Palavras-chave: Direito Constitucional Digital. Autodeterminação Informativa. Caso Ellwanger. Direito ao Esquecimento. Soberania Digital.


1 INTRODUÇÃO

A Tecnologia da Informação (TI) não deve ser compreendida meramente como um conjunto de ferramentas instrumentais, mas como o ambiente estruturante das relações sociais contemporâneas. No ordenamento jurídico brasileiro, o ciberespaço não constitui um "vácuo normativo" ou uma zona de anomia, mas um campo que reclama a incidência direta e imediata da força normativa da Constituição Federal de 1988.

Sob a ótica da Teoria Pura do Direito de Hans Kelsen, a Constituição situa-se no plano do "dever-ser", fruto da vontade racional humana destinada a regular a conduta social. Contudo, a complexidade e a velocidade da Era Digital expõem os limites desse positivismo clássico. Uma vez que a edição de normas escritas (regras) não consegue acompanhar a celeridade da inovação tecnológica, do Big Data à Inteligência Artificial, a adaptação do Direito exige uma transição epistemológica para o Neoconstitucionalismo (ou Pós-Positivismo).

Nesse novo paradigma, os princípios constitucionais, notadamente a dignidade da pessoa humana e a isonomia, adquirem força normativa direta e imediata, operando para preencher as lacunas deixadas pela obsolescência legislativa e harmonizando o fomento ao desenvolvimento com a proteção da personalidade humana.

Metodologicamente, o presente estudo adota a abordagem hipotético-dedutiva, partindo das premissas constitucionais gerais para analisar os fenômenos digitais específicos.
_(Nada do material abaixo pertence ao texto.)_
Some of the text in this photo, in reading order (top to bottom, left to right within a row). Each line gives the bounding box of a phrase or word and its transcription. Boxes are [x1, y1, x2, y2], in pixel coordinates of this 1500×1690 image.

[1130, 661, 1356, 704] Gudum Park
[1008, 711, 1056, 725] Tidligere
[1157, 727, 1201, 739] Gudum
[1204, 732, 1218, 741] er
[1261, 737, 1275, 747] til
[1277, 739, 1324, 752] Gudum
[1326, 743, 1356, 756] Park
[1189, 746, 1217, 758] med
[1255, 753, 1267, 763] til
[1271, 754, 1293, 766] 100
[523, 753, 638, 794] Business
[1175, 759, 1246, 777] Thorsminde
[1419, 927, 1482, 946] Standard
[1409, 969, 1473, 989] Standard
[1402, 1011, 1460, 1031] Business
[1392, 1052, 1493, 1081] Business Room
A técnica de pesquisa empregada consiste na revisão bibliográfica da doutrina especializada e na análise documental da legislação e da jurisprudência pátria, com ênfase nos precedentes do Supremo Tribunal Federal que balizam a interpretação dos direitos fundamentais na sociedade em rede.

O artigo propõe-se, assim, a investigar como os princípios clássicos respondem a essas novas tensões, demonstrando que a garantia da liberdade na rede pressupõe, paradoxalmente, a regulação e a responsabilização, afastando a falácia de que o anonimato ou a liberdade de expressão seriam absolutos no ambiente virtual.

2 EVOLUÇÃO CONSTITUCIONAL E O MARCO DA PROTEÇÃO DE DADOS

A história do constitucionalismo brasileiro não deve ser compreendida apenas como uma sucessão cronológica de cartas políticas, desde a Imperial de 1824 até a redemocratização em 1988, mas sim como um processo de progressivo adensamento da tutela da dignidade humana. A "Constituição Cidadã" de 1988, embora vanguardista ao proteger a intimidade e a vida privada (art. 5º, X), foi promulgada em um contexto analógico, insuficiente para abarcar a complexidade dos fluxos informacionais da sociedade em rede contemporânea.

Nesse cenário, a promulgação da Emenda Constitucional nº 115/2022 não representou apenas uma atualização legislativa, mas uma verdadeira mudança de paradigma axiológico. Ao incluir a proteção de dados pessoais, inclusive nos meios digitais, no rol de direitos e garantias fundamentais (art. 5º, LXXIX), o constituinte derivado reconheceu a autodeterminação informativa como um direito autônomo, independente do direito à privacidade tradicional.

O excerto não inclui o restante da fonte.